---------- Data for review ----------

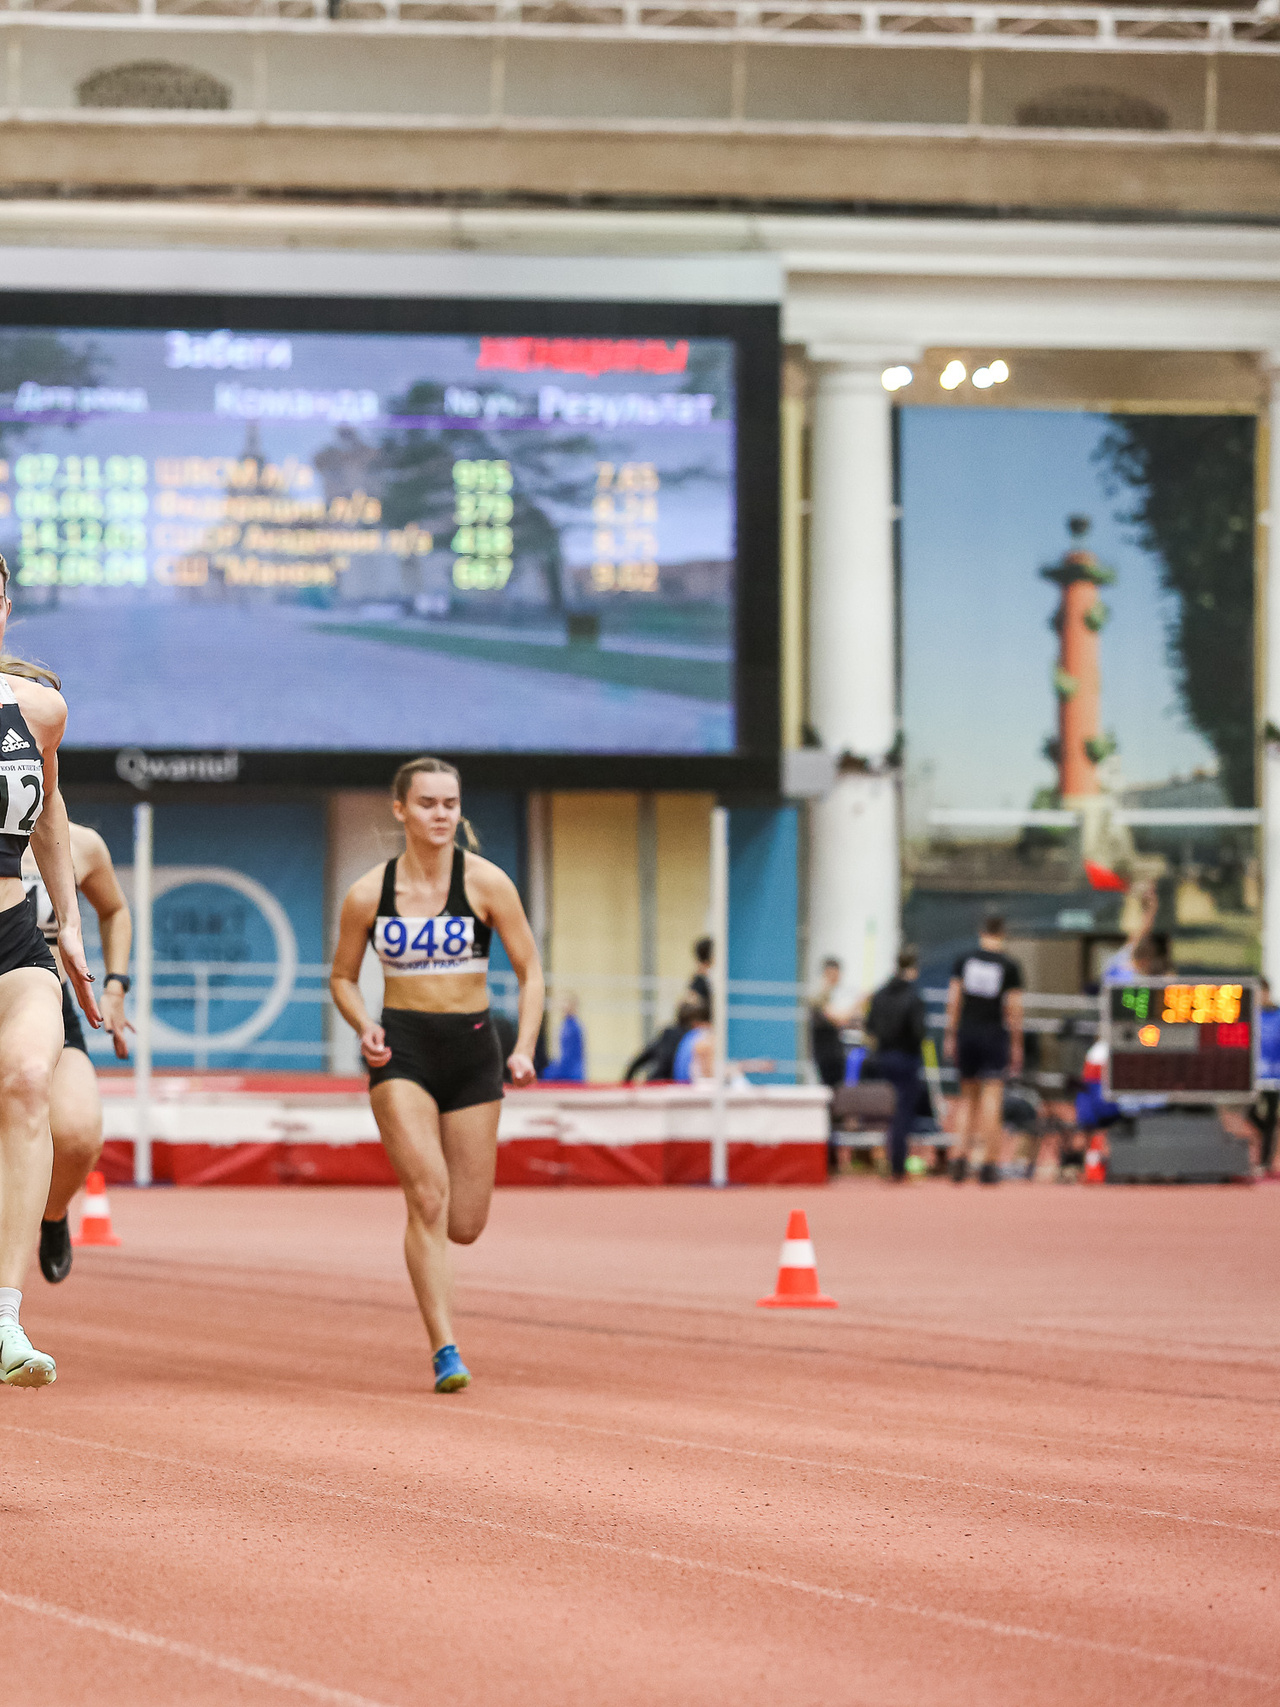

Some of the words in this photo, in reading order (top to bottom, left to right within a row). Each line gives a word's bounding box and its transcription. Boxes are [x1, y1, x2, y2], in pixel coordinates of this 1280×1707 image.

[165, 331, 292, 370] Забеги
[215, 386, 378, 422] Команда
[538, 386, 715, 427] Результат
[154, 555, 208, 586] СШ
[1, 741, 30, 752] adidas
[383, 916, 468, 958] 948

----------

Please give the entries above again exactly as written, leaving out any pictures.

Written solution —
Some of the words in this photo, in reading order (top to bottom, left to right within a row). Each line gives a word's bounding box and its transcription. Boxes are [x1, y1, x2, y2], in pixel coordinates of this 1280×1707 image.

[165, 331, 292, 370] Забеги
[215, 386, 378, 422] Команда
[538, 386, 715, 427] Результат
[154, 555, 208, 586] СШ
[1, 741, 30, 752] adidas
[383, 916, 468, 958] 948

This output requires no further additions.